- [Data records]:
-- Opening Marker --
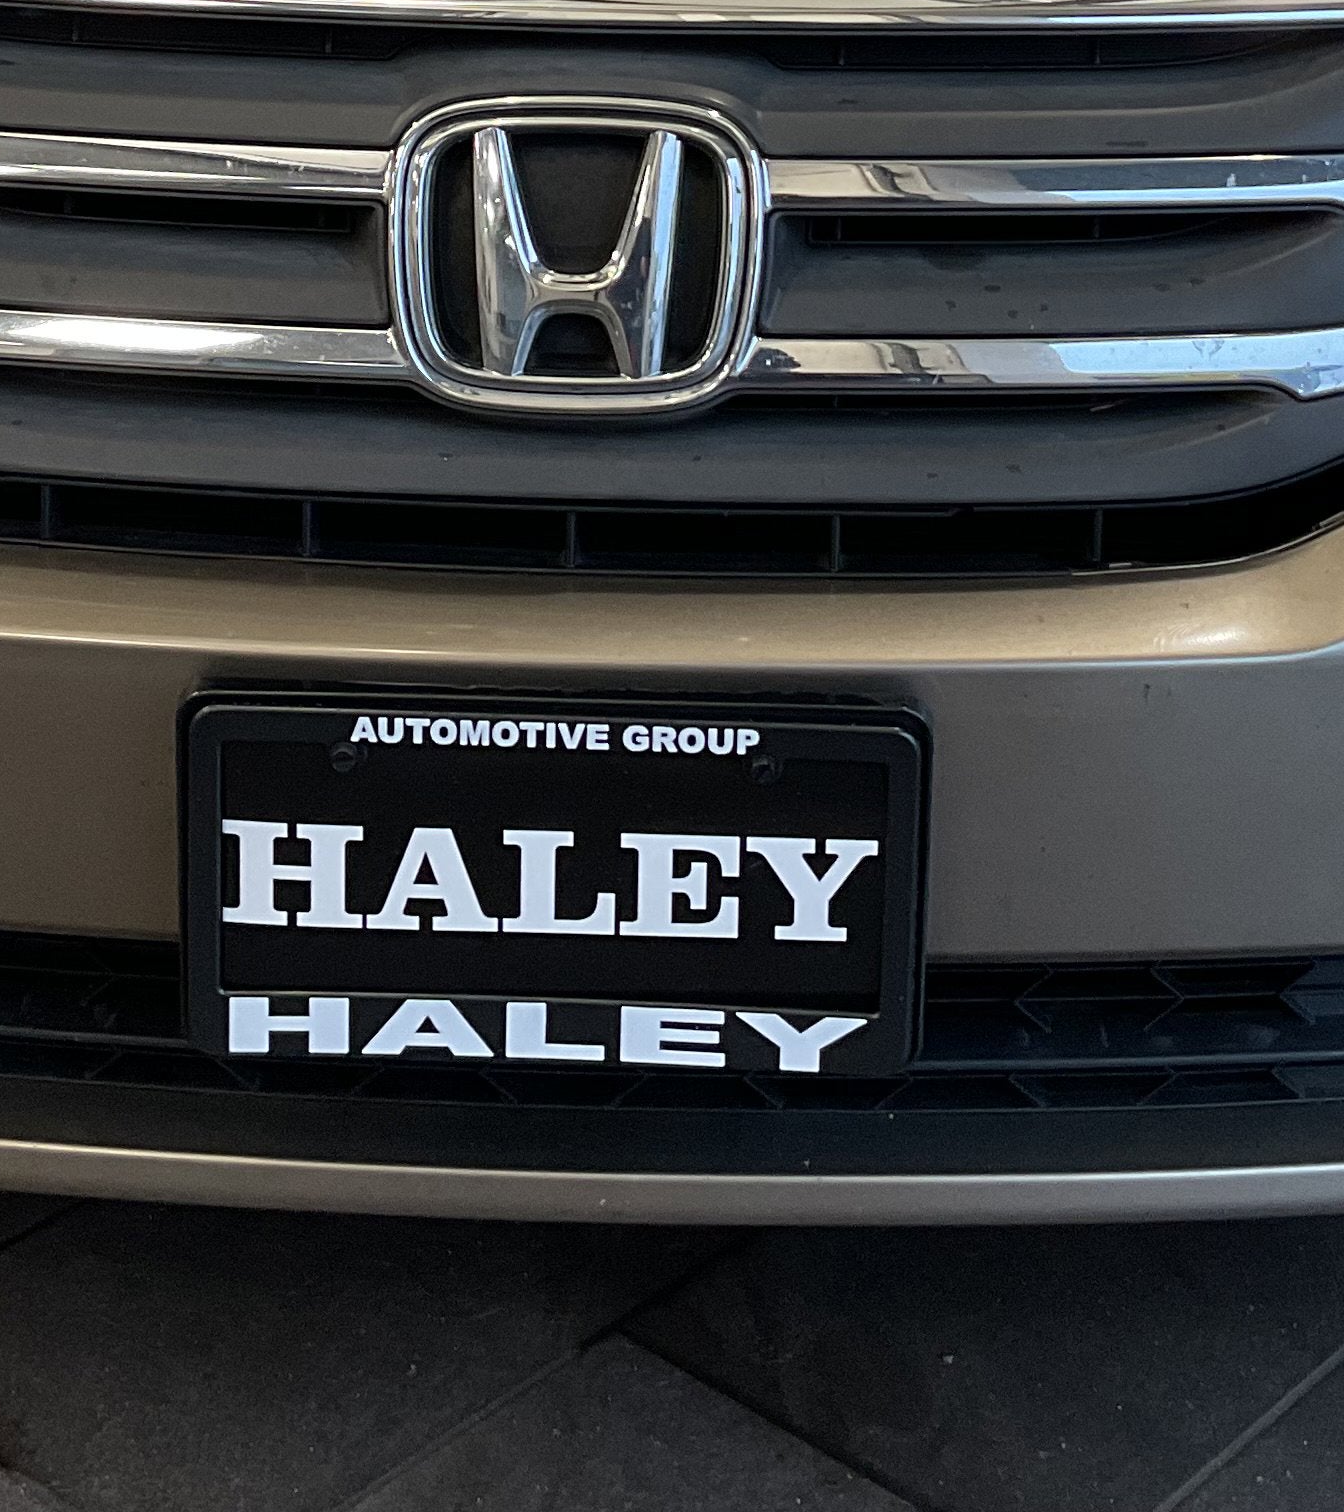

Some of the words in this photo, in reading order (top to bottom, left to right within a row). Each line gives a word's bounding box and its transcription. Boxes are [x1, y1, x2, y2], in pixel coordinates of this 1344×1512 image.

[350, 716, 610, 751] AUTOMOTIVE
[622, 724, 761, 756] GROUP
[222, 818, 879, 942] HALEY
[228, 996, 868, 1073] HALEY
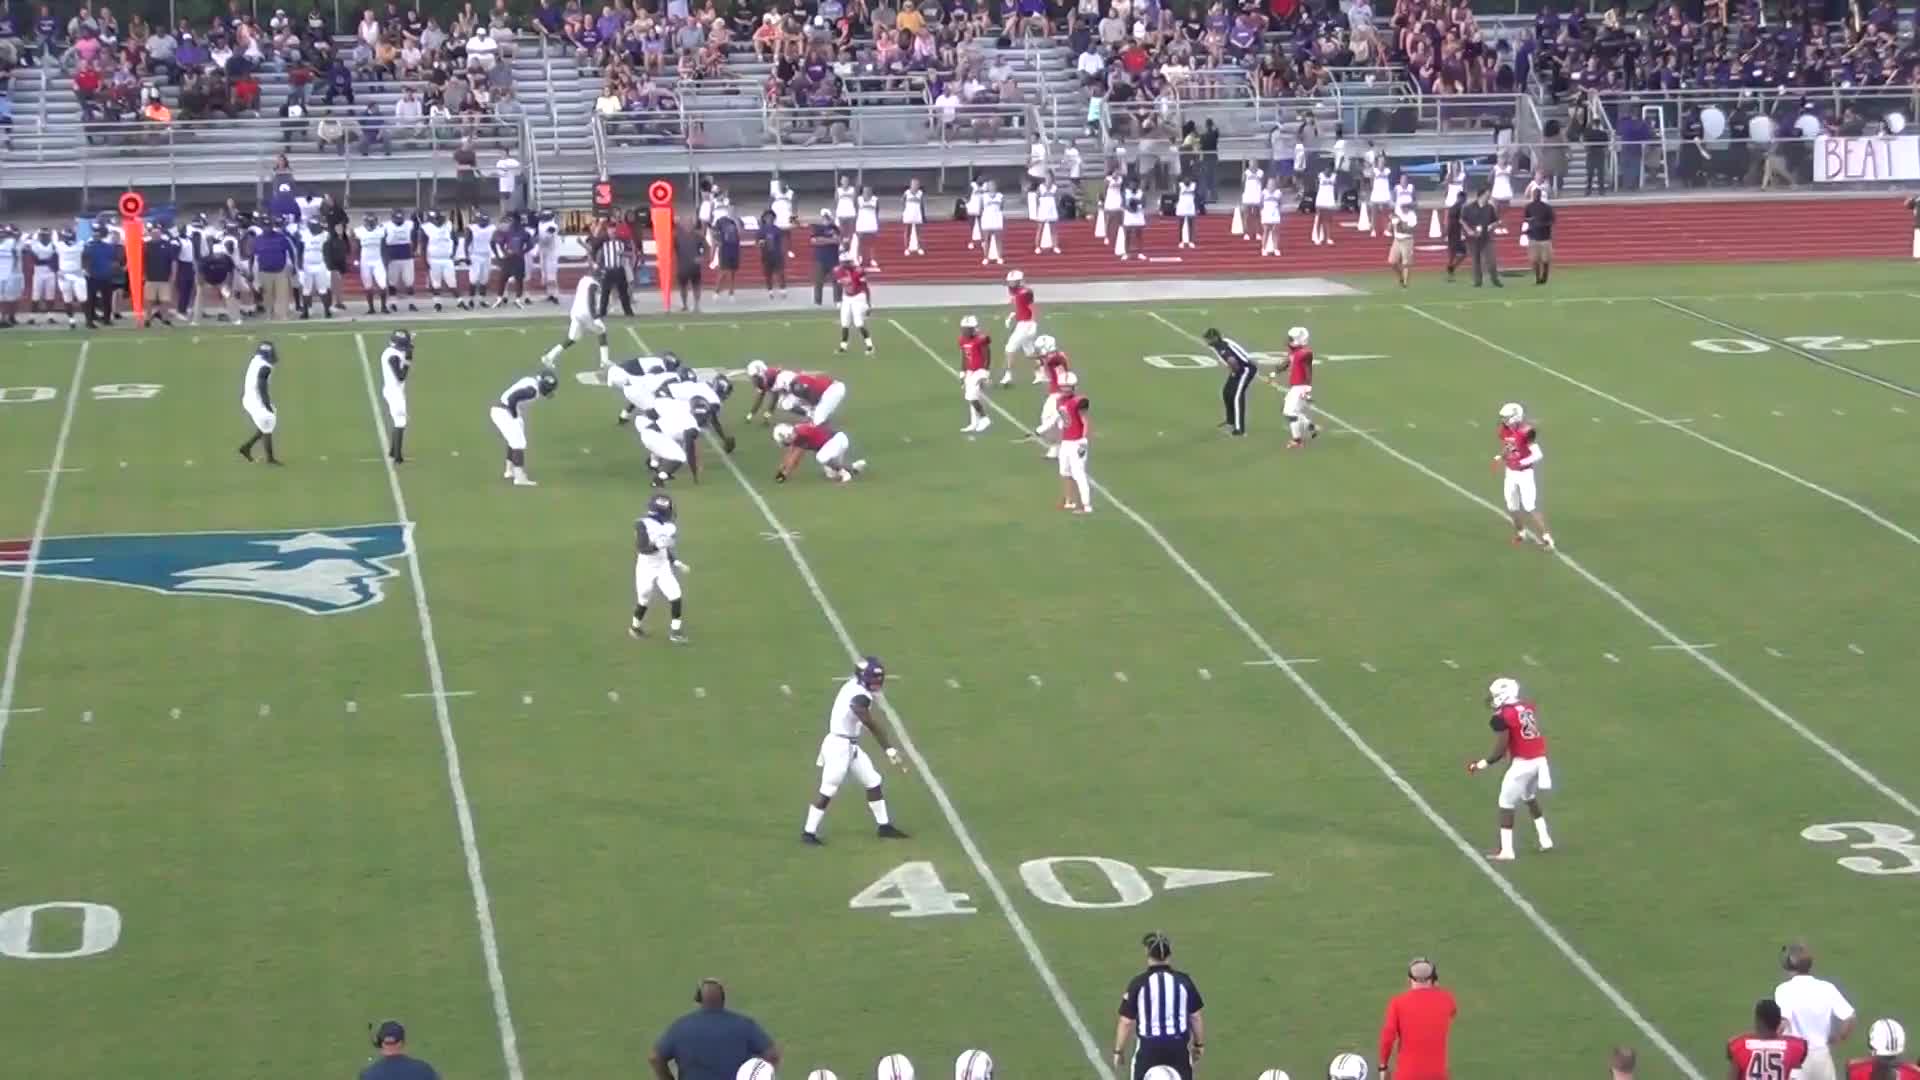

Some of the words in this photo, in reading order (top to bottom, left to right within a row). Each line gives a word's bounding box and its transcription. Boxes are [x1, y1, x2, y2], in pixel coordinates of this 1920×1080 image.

[1824, 138, 1893, 178] BEAT
[595, 183, 611, 204] 3
[849, 856, 1153, 917] 40
[1748, 1049, 1784, 1080] 45
-- Closing Marker --
The answer must be the lines from the one containing "this 1920×1080 image." to the final line of the data above, copied exactly, both included, with nothing added.

- [Output for this task]:
Some of the words in this photo, in reading order (top to bottom, left to right within a row). Each line gives a word's bounding box and its transcription. Boxes are [x1, y1, x2, y2], in pixel coordinates of this 1920×1080 image.

[1824, 138, 1893, 178] BEAT
[595, 183, 611, 204] 3
[849, 856, 1153, 917] 40
[1748, 1049, 1784, 1080] 45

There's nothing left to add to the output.